Technologies
On creating this website, I thought about hand-coding the HTML, CSS and Javascript, but I remembered that someone said that they thought we wouldn't be manually writing HTML (I suspect this may have been Sir Tim Berners-Lee but I've no evidence so don't want to misattribute). I instead looked at what tooling exists and seems popular (having already decided on a static site).
Domain name and hosting
I used NameCheap for my domain name (I'd have chosen Google Domains but it doesn't allow registration of ".uk" domains). All the providers seemed quite similar with varying pros/cons. I used Google Cloud for static website hosting.
Tools
I decided to go with Gatsby/ReactJS as I'd narrowed down my choice to a static site, and wanted more familiarity with React.

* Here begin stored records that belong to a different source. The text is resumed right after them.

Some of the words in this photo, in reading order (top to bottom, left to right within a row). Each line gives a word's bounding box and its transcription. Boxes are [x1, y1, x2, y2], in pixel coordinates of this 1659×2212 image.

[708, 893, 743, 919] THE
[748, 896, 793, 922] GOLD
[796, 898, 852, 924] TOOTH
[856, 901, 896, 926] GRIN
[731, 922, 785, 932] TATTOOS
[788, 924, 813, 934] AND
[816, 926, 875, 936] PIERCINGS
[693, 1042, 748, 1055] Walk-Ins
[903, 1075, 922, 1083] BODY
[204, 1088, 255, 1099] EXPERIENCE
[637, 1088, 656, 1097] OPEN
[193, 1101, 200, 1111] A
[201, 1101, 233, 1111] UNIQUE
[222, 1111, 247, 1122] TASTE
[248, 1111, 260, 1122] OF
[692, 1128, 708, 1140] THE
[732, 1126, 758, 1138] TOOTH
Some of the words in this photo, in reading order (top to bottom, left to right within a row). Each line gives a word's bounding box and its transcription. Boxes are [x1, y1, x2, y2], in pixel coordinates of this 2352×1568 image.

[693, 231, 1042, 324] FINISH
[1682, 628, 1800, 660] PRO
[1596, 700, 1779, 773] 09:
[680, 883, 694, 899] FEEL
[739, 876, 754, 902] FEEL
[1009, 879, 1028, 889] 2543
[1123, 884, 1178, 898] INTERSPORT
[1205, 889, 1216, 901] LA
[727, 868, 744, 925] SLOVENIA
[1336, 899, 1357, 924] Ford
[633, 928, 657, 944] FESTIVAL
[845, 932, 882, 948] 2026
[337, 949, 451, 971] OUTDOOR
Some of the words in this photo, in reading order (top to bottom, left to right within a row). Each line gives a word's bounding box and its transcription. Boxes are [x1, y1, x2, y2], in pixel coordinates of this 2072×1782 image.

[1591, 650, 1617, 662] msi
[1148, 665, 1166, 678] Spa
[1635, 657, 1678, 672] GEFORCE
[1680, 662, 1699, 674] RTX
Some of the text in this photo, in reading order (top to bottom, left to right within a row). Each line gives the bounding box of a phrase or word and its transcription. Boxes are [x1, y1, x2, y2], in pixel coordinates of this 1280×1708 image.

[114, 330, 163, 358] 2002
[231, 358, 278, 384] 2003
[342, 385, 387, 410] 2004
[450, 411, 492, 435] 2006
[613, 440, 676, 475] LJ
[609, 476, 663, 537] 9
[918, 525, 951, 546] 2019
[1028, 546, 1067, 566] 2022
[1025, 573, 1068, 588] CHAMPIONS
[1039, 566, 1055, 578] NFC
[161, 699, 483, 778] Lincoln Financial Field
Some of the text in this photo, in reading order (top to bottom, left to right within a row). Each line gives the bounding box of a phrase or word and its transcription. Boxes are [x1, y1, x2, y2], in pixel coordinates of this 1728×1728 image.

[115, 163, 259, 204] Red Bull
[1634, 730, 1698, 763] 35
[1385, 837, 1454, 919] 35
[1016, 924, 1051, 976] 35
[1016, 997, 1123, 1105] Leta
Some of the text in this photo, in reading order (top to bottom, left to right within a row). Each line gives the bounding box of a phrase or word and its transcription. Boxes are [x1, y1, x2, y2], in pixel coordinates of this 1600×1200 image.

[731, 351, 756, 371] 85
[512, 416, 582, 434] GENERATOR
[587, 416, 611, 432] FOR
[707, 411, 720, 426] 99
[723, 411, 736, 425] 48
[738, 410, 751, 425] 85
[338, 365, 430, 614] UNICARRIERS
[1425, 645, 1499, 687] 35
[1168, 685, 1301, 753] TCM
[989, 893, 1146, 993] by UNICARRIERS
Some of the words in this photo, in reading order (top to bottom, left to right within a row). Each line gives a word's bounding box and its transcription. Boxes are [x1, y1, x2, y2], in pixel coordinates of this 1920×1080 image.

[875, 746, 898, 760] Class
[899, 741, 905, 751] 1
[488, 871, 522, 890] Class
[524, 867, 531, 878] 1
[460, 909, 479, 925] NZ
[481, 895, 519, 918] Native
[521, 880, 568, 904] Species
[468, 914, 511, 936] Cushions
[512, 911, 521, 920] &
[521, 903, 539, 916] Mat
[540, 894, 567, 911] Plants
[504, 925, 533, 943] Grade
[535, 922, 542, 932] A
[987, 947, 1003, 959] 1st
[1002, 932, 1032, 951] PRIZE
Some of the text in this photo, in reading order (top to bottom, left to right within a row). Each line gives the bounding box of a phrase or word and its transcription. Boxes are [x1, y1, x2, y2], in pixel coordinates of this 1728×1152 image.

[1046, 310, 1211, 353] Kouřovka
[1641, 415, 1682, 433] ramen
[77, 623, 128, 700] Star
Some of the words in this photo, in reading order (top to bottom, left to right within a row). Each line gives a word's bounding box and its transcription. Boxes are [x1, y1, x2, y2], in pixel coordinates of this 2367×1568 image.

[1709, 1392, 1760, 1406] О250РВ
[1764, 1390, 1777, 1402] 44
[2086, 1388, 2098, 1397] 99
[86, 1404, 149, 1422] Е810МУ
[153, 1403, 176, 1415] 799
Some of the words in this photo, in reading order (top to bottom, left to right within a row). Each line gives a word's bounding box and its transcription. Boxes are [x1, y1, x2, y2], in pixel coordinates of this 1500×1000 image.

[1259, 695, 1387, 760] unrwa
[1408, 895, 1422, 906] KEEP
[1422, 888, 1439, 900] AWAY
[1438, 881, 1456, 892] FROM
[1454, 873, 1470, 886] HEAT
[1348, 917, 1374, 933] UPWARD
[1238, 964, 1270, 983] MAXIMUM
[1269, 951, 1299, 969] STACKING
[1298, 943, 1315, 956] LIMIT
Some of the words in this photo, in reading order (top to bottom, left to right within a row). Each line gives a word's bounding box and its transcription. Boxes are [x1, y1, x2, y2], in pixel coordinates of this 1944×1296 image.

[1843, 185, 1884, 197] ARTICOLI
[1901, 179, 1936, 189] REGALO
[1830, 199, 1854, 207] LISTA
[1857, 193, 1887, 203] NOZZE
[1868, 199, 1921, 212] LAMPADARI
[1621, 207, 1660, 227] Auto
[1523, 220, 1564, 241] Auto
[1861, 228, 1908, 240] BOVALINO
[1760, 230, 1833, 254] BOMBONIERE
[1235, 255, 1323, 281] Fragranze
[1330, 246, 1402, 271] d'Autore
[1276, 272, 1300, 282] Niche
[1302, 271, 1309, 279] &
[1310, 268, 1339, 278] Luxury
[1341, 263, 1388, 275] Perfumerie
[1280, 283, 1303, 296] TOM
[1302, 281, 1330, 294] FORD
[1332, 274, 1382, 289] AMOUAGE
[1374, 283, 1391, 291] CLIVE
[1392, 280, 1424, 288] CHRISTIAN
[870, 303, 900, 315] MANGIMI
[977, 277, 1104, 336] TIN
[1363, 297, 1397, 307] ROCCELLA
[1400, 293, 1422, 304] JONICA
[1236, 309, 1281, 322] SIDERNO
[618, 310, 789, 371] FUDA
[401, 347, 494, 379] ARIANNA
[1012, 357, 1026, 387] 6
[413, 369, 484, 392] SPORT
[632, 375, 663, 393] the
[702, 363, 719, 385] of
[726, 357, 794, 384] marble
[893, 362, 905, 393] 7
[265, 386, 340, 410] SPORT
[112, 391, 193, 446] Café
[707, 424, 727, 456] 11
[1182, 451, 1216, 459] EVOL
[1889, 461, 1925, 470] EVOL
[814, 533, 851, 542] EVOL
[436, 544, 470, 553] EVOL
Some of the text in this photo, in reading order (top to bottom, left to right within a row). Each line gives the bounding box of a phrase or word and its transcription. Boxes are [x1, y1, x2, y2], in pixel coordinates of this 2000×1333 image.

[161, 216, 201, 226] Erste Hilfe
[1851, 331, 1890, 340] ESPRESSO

The Gatsby tutorials are quite nice. I understand why it takes its approach but it still feels overly complex to me, with a lot of clever magic and "syntactic sugar" that takes time to get familiar with. As a result, I took the pragmatic approach of only finding what I need, and looking at very similar examples, but I'd not yet be comfortable writing it from scratch or explaining some of the syntax. As a non-expert, it's not immediately clear which language's syntax is currently being used in an expression. The MIT license to me is a little too restrictive in this case, as it's a little awkward to separate content and what is covered by Gatsby and the Gatsby tutorial I looked at, and this is the main reason I've decided against continually open-sourcing this website, in case I ever expand it to have not-so-open content. (Not overly taxing, I think it'd basically require a comment in every file, but non-optimal)
Verdict
Writing manual HTML/CSS, maybe with lightweight templating, would have been much faster for this site. The power only really seems to come with much larger sites, but using Gatsby didn't take too much longer or add too much complexity. This is purely my use case, it's other benefits are quite hard to measure the value of, e.g. being fast, having SEO optimisation (which other users may find more important).
HTTPS
A pretty convincing argument for HTTPS even on static websites: https://www.troyhunt.com/heres-why-your-static-website-needs-https/ I decided to move from hosting on Google Cloud to Google Firebase to get HTTPS support, the DNS redirects were a little troublesome as NameCheap had a URL redirect defined that I had to remove.
Static site
A further advantage of static sites is that they generally don't collect user information, so don't require privacy considerations. This becomes a consideration even when something like Google analytics is present. Most websites will have a privacy policy and a please accept these cookies pop-up.